Sur içindeki, her ev.

Bile istisna.

Ya ilçeler.

Ya, dağlar-bayırlar, ovalar.

***

Pet tabi ki,

Yeryüzündeki bu zenginliğe.

Bir de yeraltındakiler.

Kazdıkça; "tarih ve kültür" fışkırıyor.

***

Peygamberler mi,

Sahabeler mi,

Nebiler mi,

Camiler mi,

Medreseler mi,

Kiliseler mi,

Havralar mı?

Ne ararsanız, mümkün!

***

Hep derim!

Ki öyledir ki, "hakikat" bir söz!

Yeryüzünde;

Diyarbakır kadar "tarih ve kültür" hazinesine, sahip şehir yok.

Dile kolay;

Beş bin 200 metre uzunluğunda.

Şehri çevreleyen, "balık motifli" Surlar.

***

Yani;

Her biri kendi ölçeğinde,

"Bacasız fabrika" misali,

Birer turizm ve inanç hazinesi iken, ne acıdır ki; "heba" ediliyor.

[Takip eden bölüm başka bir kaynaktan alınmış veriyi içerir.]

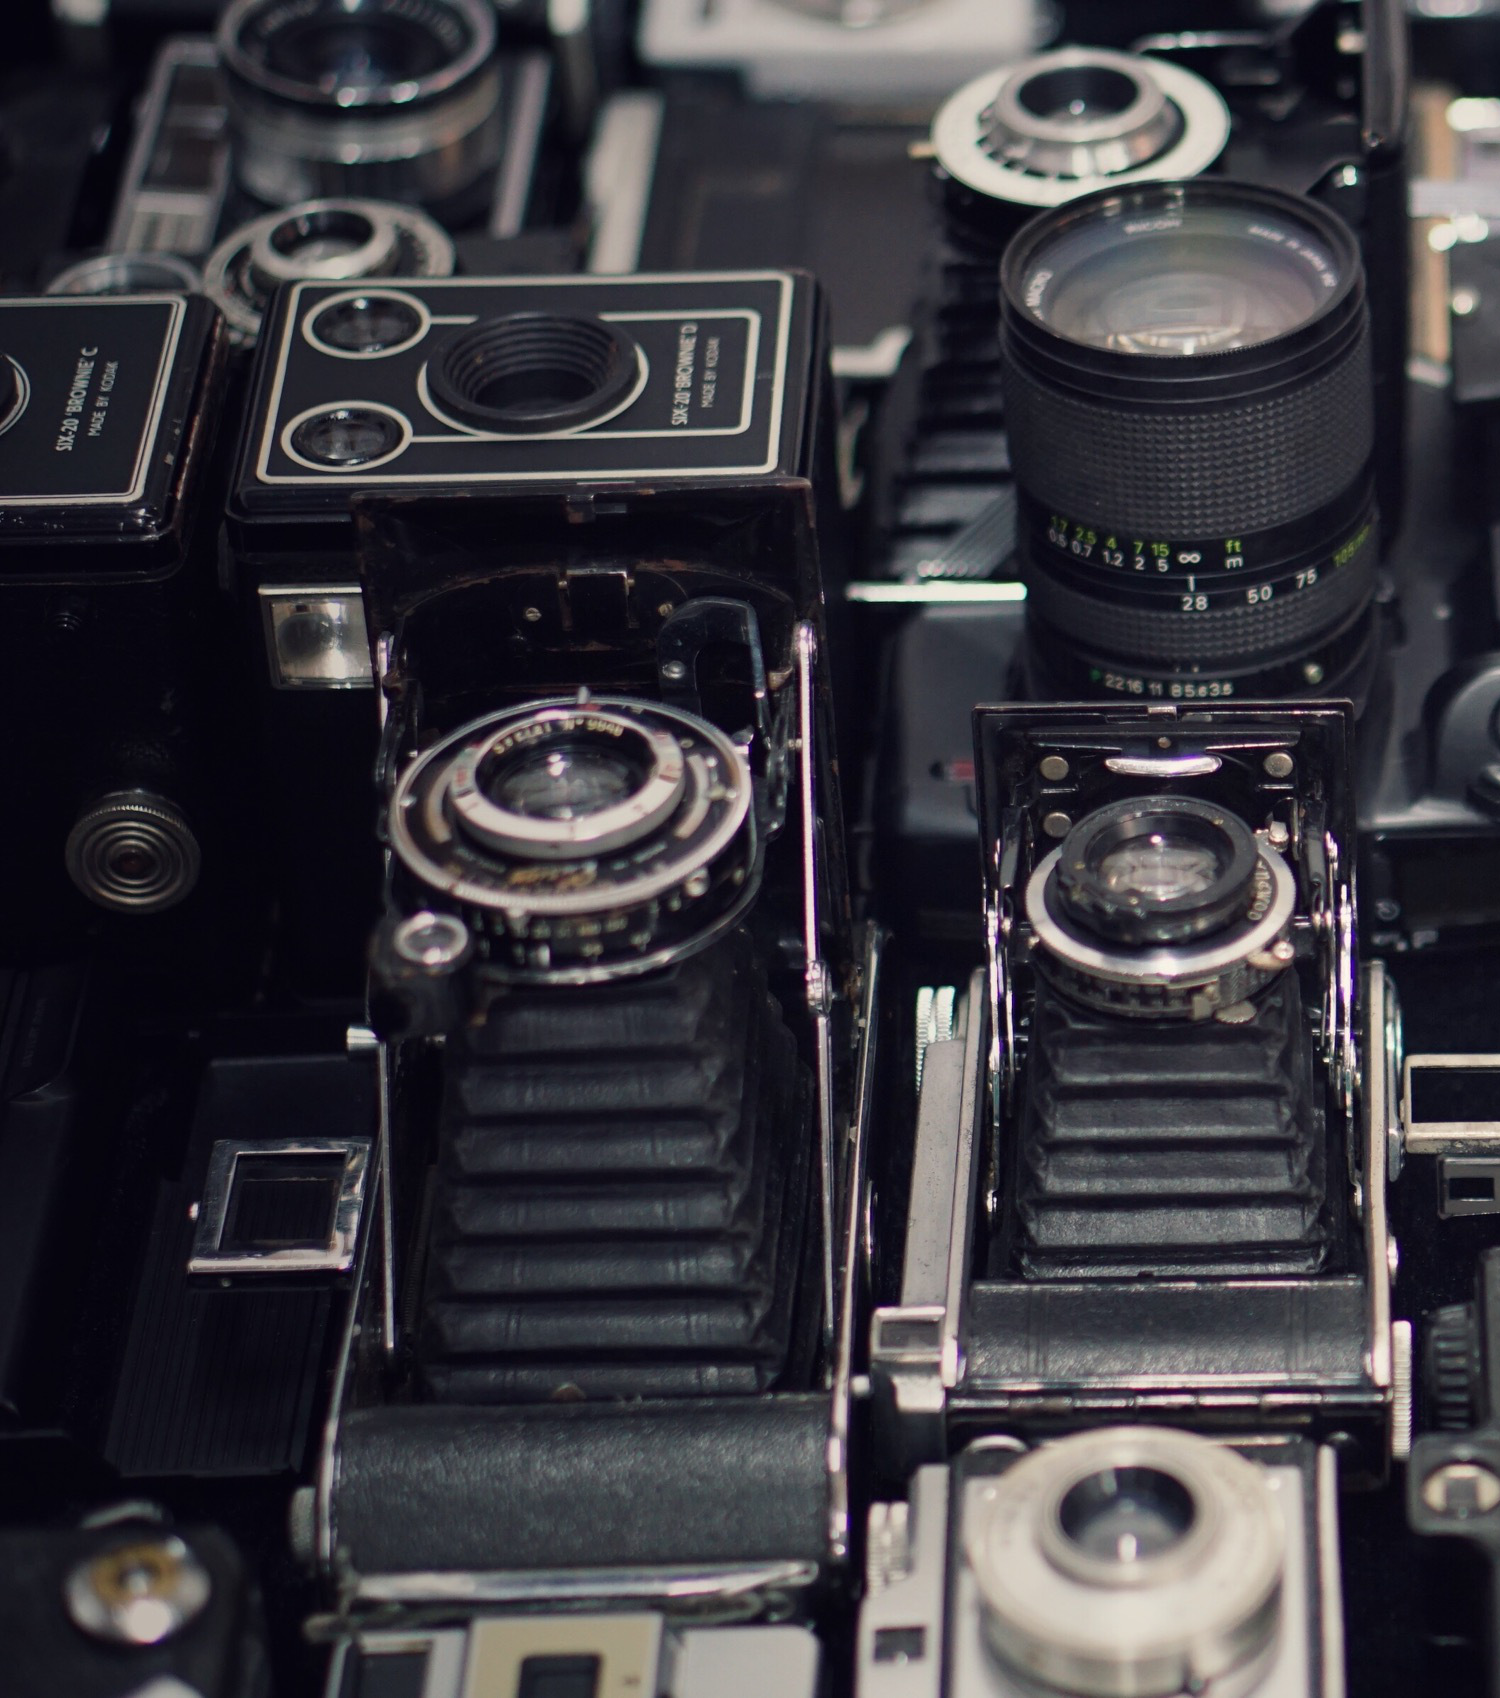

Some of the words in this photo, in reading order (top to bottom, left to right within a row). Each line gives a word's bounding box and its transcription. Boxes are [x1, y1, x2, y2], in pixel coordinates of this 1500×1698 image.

[706, 336, 720, 369] KODAK
[100, 361, 119, 392] KODAK
[704, 369, 717, 382] BY
[55, 418, 80, 451] SIX-20
[81, 346, 98, 357] C
[95, 396, 109, 407] BY
[671, 390, 691, 426] SIX-20
[701, 382, 716, 408] MADE
[88, 411, 106, 437] MADE
[1071, 540, 1092, 558] 0.7
[1103, 551, 1123, 567] 1.2
[1135, 556, 1145, 571] 2
[1157, 559, 1169, 572] 5
[1225, 555, 1244, 569] m
[1106, 537, 1118, 550] 4
[1133, 541, 1144, 554] 7
[1152, 543, 1170, 558] 15
[1225, 540, 1242, 554] ft
[1182, 596, 1208, 611] 28
[1247, 585, 1273, 604] 50
[1296, 568, 1318, 589] 75
[1105, 673, 1125, 691] 22
[1127, 679, 1143, 694] 16
[1150, 682, 1163, 696] 11

Nedeni de; "iş bilmez" yöneticilerin.

İdarecilerin.

Ve siyasilerin, yüzündendir!

***

Bakınız!

Dün manşetten, konu ettiğimiz haber!

"Peygamber Kabri, yürek sızlatıyor…"

Evet.

Ergani ilçemizde bulunan,

İnsanlığın babası ve İlk Peygamber Hz. Âdem’in de torunu,

Hazreti Enüş Peygambere ait kabir..

 

***

Harap.

Kabir içler açısı, durumda.

Köy muhtarı.

Ahali, çalmadık kapı, gitmedik makam.

İletmediğimiz, siyasetçi.

Çıkmadığımız idareci kalmadı.

***

Peygambere,

Kabrine,

"Biraz da" olsa saygı gösterilip, onarılsın.

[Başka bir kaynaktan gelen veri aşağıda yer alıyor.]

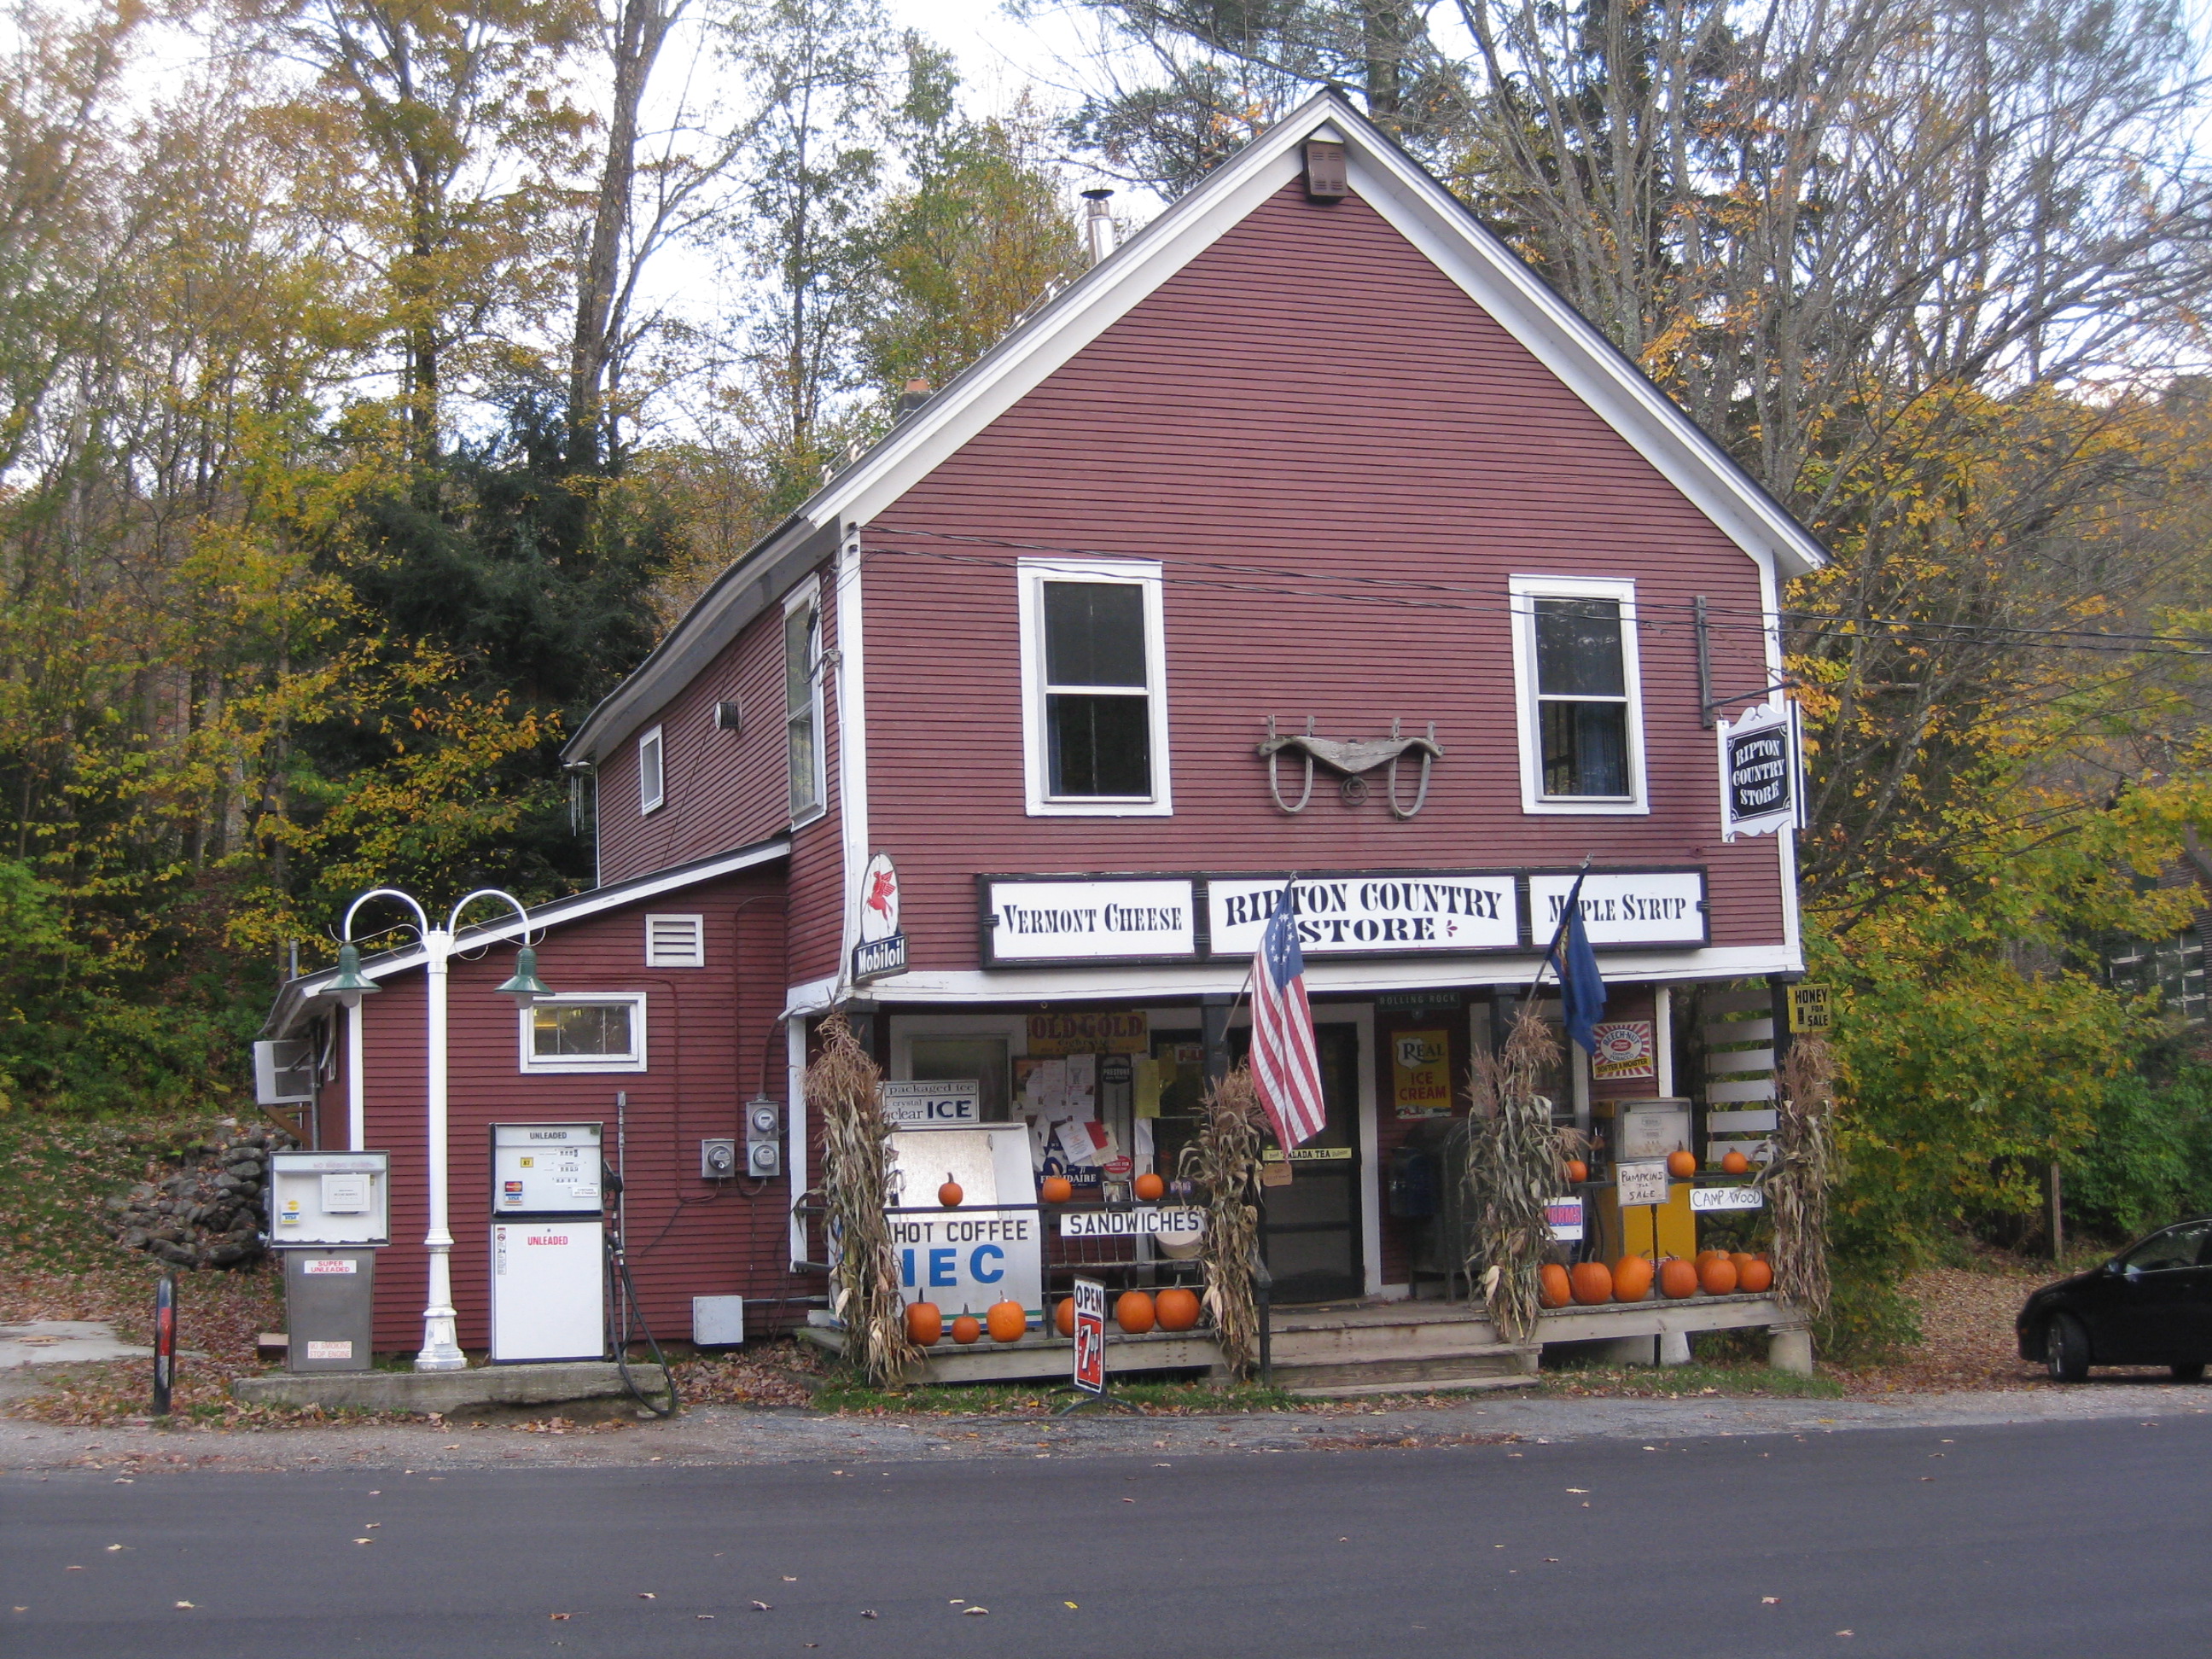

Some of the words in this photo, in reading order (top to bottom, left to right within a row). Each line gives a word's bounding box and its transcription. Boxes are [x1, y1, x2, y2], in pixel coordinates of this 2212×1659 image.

İnanç, turizmine kazandırılsın diye.

Ama ilgilenen yok.

***

Sahi kim sorumlu.

Vakıflar Bölge Müdürlüğü mü?

Eğer öyle ise!

Zaten, söylenecek söz yok.

Derler ya, "icraat" ortada!

***

Sormak istiyorum!

Bu kadar;

Önemli tarihi mekâna,

Esere,

Sahip çıkamayan, restore etmeyen,

Bakımına bile, lütuf göstermeyen, anlayış, "neyin hizmetkârı?".

***

Eğer.

Başbakan Erdoğan'ın halis bir dille ifade ettiği.

"Halkın hizmetindeyiz" diyorsa.

Sorumlu, zevat için halt ediyorsun demek gerekir.

Çünkü öyle değil.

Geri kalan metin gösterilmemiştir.